Fourth of July Ranks as Most Popular Holiday to Cook Out Declare Independence from the Kitchen this Fourth with Tips for the Ultimate Backyard Barbecue from the Hearth, Patio & Barbecue Association
ARLINGTON, Va., June 30, 2011 /PRNewswire/ -- Seventy-one percent of Americans say they celebrate Fourth of July with a cookout, according to a recent survey from the Hearth, Patio & Barbecue Association (HPBA). In fact, Fourth of July ranks as the most popular outdoor cooking holiday, above Memorial Day (57 percent), Labor Day (55 percent) and even Father's Day (47 percent).

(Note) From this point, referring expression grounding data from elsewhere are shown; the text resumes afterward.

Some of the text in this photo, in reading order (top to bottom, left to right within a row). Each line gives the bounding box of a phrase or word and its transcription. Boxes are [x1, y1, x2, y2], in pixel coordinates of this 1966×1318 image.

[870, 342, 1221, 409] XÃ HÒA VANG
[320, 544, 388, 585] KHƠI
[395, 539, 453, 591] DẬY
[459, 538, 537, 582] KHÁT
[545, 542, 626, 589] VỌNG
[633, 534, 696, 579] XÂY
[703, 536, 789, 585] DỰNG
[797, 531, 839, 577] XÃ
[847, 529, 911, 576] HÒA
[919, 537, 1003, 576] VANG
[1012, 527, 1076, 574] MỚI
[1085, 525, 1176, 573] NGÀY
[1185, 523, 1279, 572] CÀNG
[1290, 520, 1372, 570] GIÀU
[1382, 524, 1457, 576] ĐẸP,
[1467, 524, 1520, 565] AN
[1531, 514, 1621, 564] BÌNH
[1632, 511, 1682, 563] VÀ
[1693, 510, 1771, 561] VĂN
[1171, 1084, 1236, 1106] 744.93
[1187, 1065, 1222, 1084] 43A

Celebrating with family and friends can be as easy as lighting up the grill. To please an outdoor party crowd, Americans say first and foremost that they prefer hamburgers (33%) at their Fourth of July cookout, followed by steak (29%), poultry (14%), and hotdogs (7%), according to HPBA's 2011 National Barbecue Poll.

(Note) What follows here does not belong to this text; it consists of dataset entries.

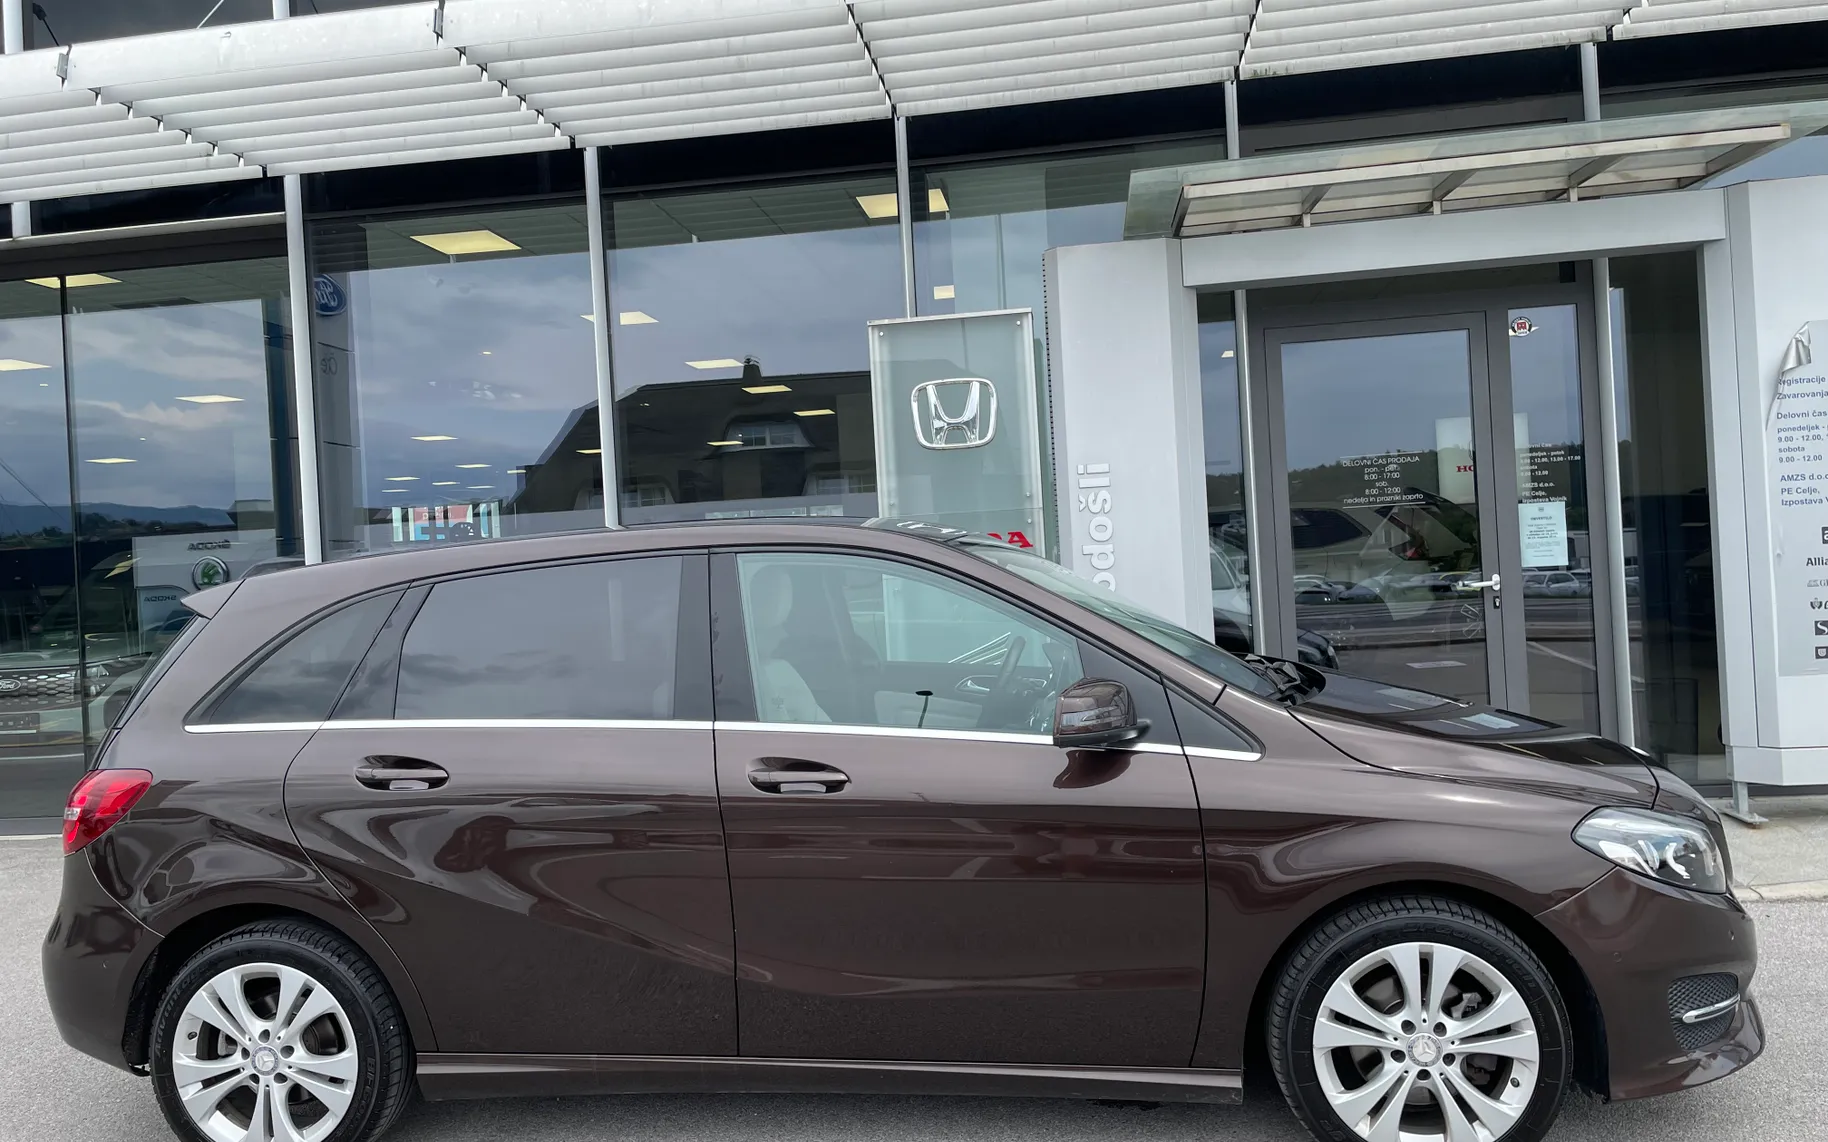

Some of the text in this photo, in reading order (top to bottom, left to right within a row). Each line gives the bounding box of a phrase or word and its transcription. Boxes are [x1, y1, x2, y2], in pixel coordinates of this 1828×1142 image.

[1776, 409, 1827, 420] Delovni čas
[1777, 424, 1820, 434] ponedeljek
[1801, 434, 1824, 442] 12.00,
[1342, 456, 1420, 467] DELOVNI ČAS PRODAJA
[1780, 473, 1806, 482] AMZS
[1781, 486, 1820, 495] PE Celje,
[1343, 496, 1369, 504] nedelja
[1376, 494, 1401, 503] prazniki
[1402, 493, 1424, 501] zaprto
[1781, 498, 1823, 507] Izpostava
[987, 531, 1034, 549] A

"Cooking out is a popular tradition on the Fourth of July, and at any time of the year, because it's an easy way to unite friends and family over delicious tasting food at an affordable price," said Leslie Wheeler, HPBA Communications Director.

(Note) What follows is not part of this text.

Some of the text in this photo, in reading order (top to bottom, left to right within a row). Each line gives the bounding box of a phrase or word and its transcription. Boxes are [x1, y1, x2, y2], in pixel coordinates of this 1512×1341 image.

HPBA offers these tips to get grill-ready for Independence Day celebrations (for more outdoor cooking tips and recipes, visit www.facebook.com/thebbqsource):
- Evaluate your cooking equipment and grill (consider replacing it if you have rusted or wobbly legs, or if the manufacturer's safety guidelines are not being met).
- For charcoal grills, never use gasoline, kerosene or highly volatile fluids as a starter. Use an electric, solid, metal chimney or other starter specifically made for lighting charcoal briquettes or wood chunks.
- Make sure you have enough propane, cooking wood, and/or charcoal for the cookout, so the heat will last through second helpings.
- Before lighting the grill, apply non-stick spray on the grates. The protective spray cuts down the clean-up time afterwards.
- For charcoal grills, line the bowl with aluminum foil. After grilling, and once the grill and coals are cool, simply discard the foil with the coals and ash.